The government’s argument was that trademarks aren’t private speech, they’re “government speech” because registration of the mark represents a granting of intellectual property rights by the United States. The First Amendment doesn’t apply to “government speech,” in which case the feds should be free to grant or deny trademarks based on offensiveness or “disparagement” as they see fit. Alito counters: Does that mean the government could refuse to recognize an author’s copyright to his book if it found his views offensive? Game, set, match.
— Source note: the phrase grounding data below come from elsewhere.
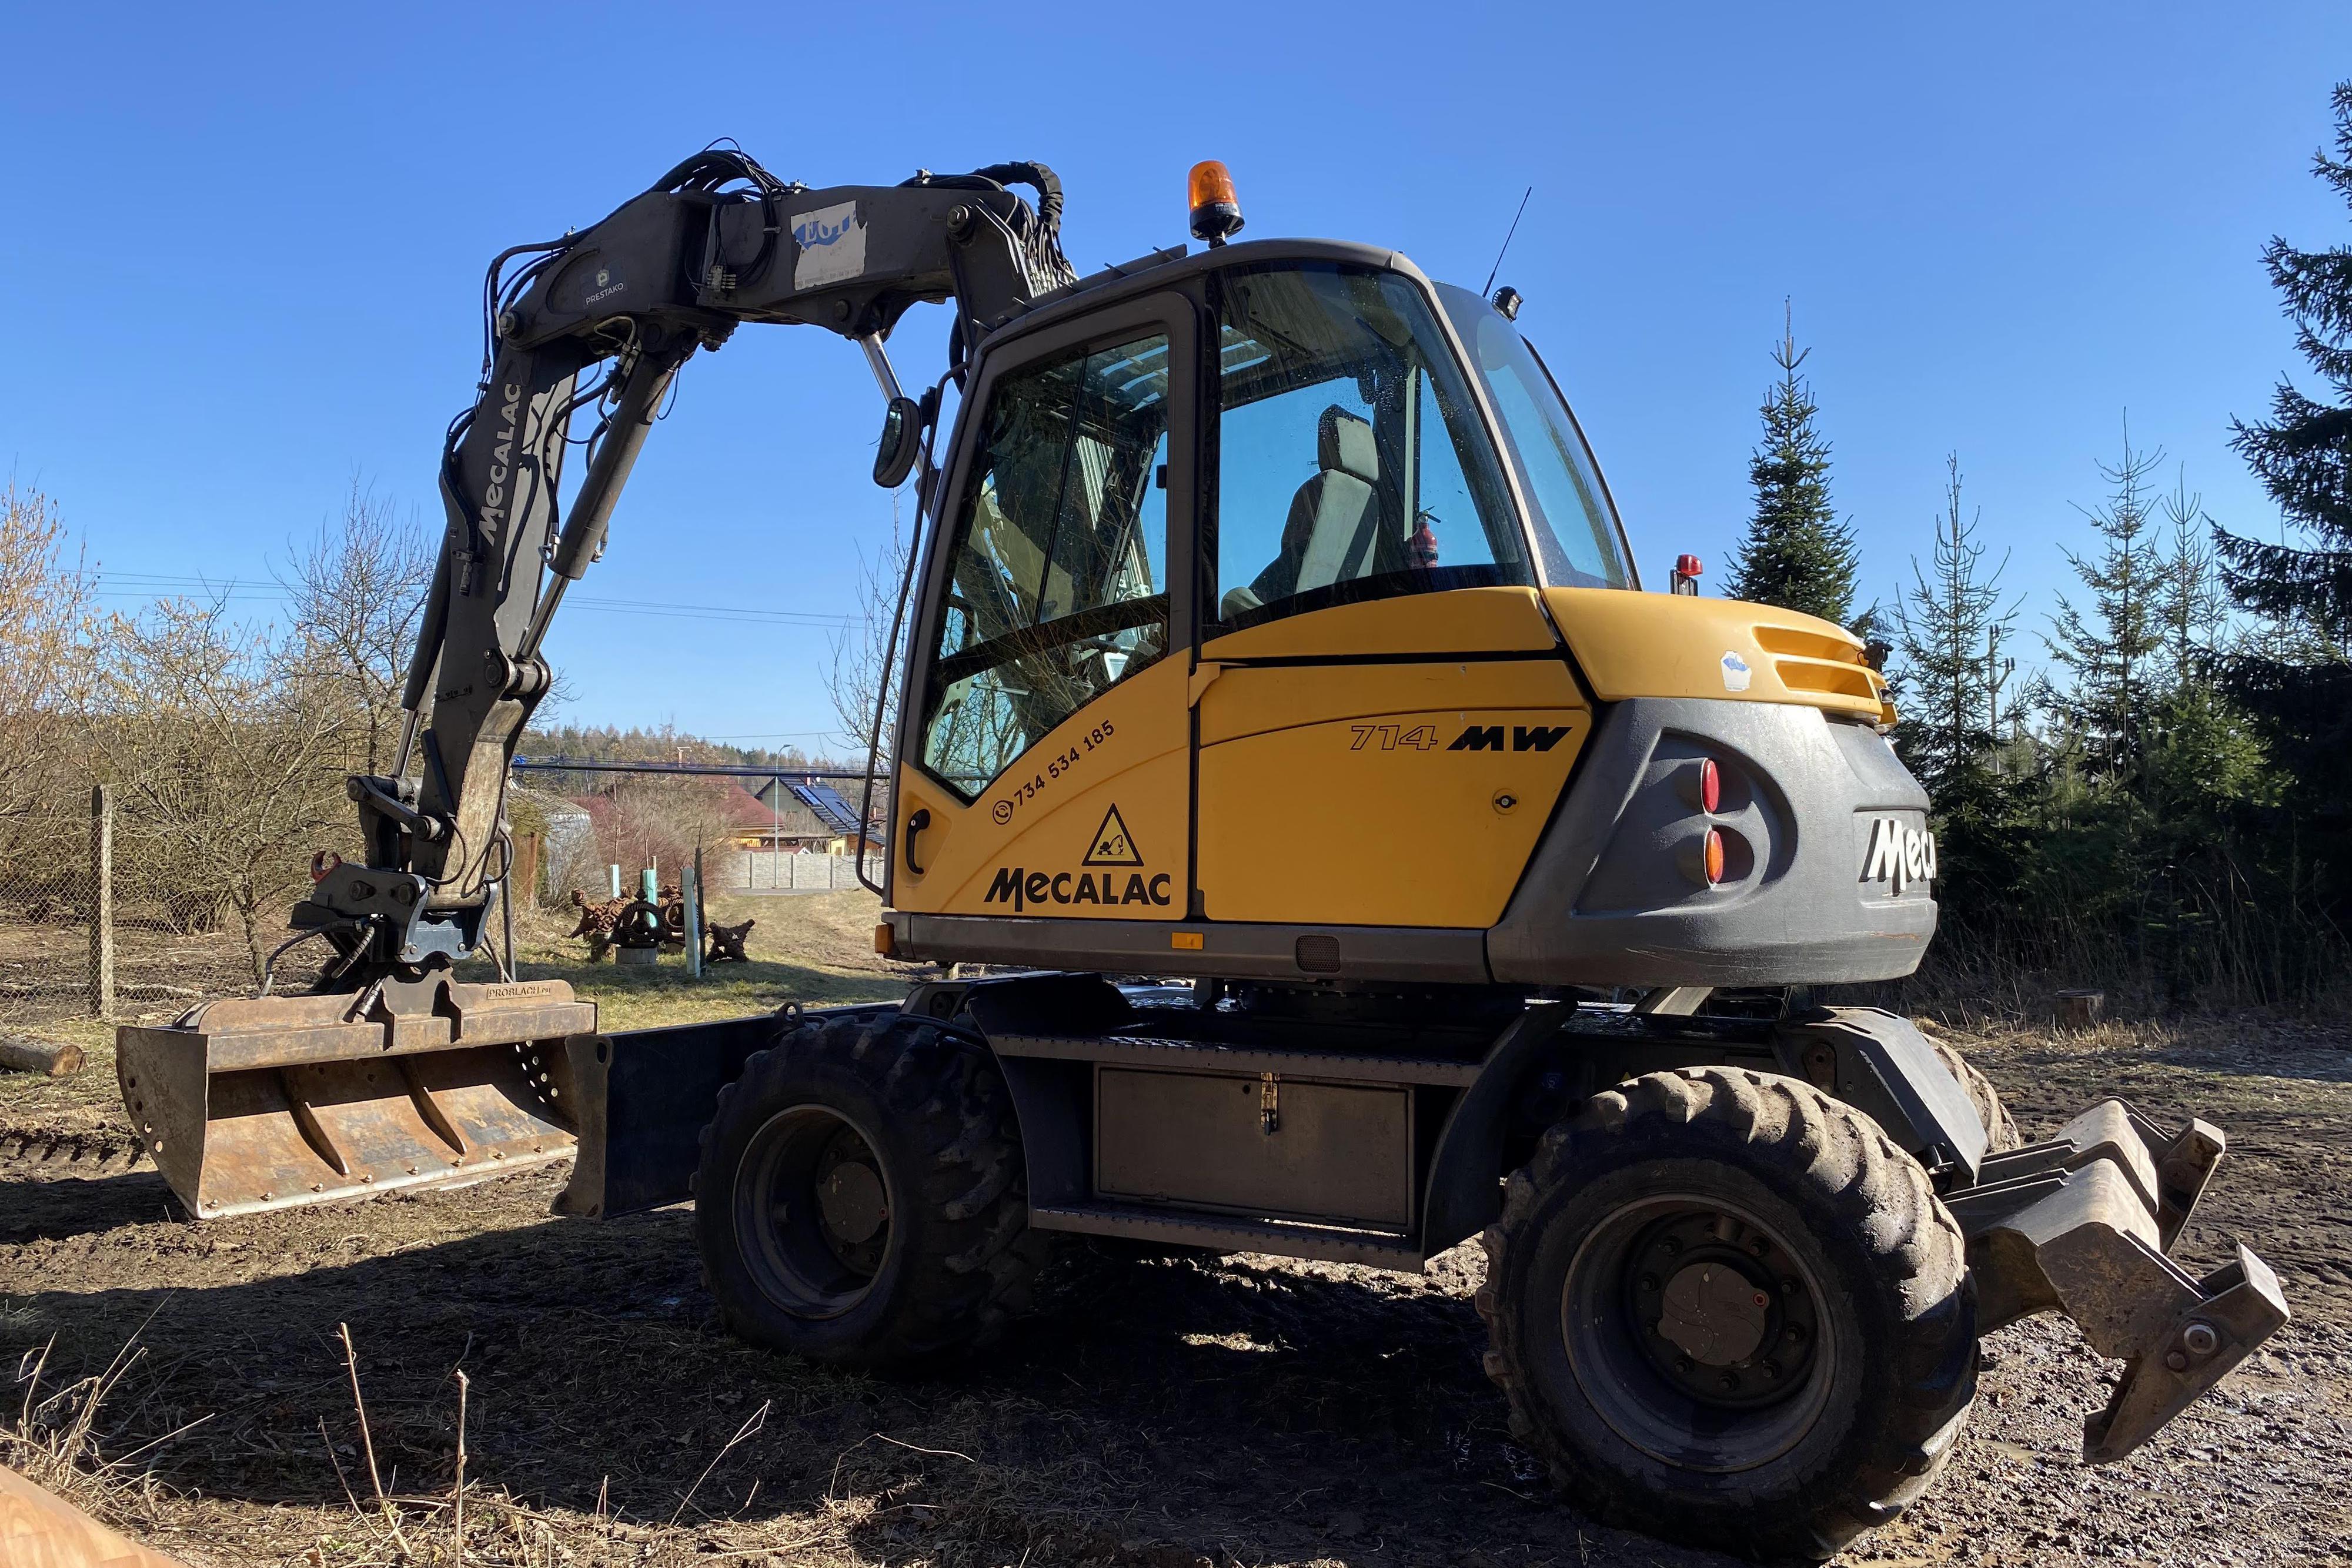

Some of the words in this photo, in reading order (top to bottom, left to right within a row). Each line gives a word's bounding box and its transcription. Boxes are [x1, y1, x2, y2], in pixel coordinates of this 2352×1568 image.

[586, 282, 624, 305] PRESTAKO
[1350, 725, 1438, 751] 714
[1446, 726, 1573, 751] MW
[1014, 774, 1045, 806] 734
[1048, 747, 1080, 778] 534
[1083, 720, 1115, 751] 185
Kennedy, writing for himself, Ginsburg, Sotomayor, and Kagan, reiterated Alito’s point about viewpoint discrimination:
The government wants a “heckler’s veto” over “offensive” trademarks, but that’s not the way the law works. It’s especially encouraging that the three hardcore liberals on the Court signed on to that perspective.
The Redskins, by the way, weren’t a party to this case but they’re the big winners nonetheless. The Patent and Trademark Office canceled their trademark three years ago (after having approved it repeatedly for decades) on grounds that it was “disparaging” to Native Americans. The team appealed; their case is currently stuck in the Fourth Circuit. The victorious petitioners here were the band “The Slants,” a group of Asian-Americans that chose a derogatory term for themselves in order to subvert the stigma of the word. In hindsight, that may have worked to the Redskins’ advantage: The Slants are a more sympathetic petitioner in that they’re average joes, not a well-heeled sports team, and the “disparagement” argument seems especially ridiculous in their case. No one adopts a slur for a racial group to which they belong for the purpose of “disparaging” themselves, after all. They do it to undermine the disparaging connotation. The Redskins didn’t adopt their name for disparaging reasons either — teams don’t name themselves after things they disdain — but the fact remains that the organization is an example of non-Native people using a mascot which some Native Americans find offensive. I wonder if SCOTUS agreed to hear The Slants’ case partly because this was more favorable political ground for them to decide the issue than it would have been with the Redskins as the petitioner. Now, when the ‘Skins come before the Fourth Circuit, it’s a simple matter of applying precedent. I doubt the feds will even challenge the ruling if the Fourth Circuit rules for the team.
Gorsuch didn’t participate in the case, by the way, because he wasn’t on the bench yet when oral arguments were heard. Exit quotation from Redskins owner Dan Snyder: “I am THRILLED! Hail to the Redskins.”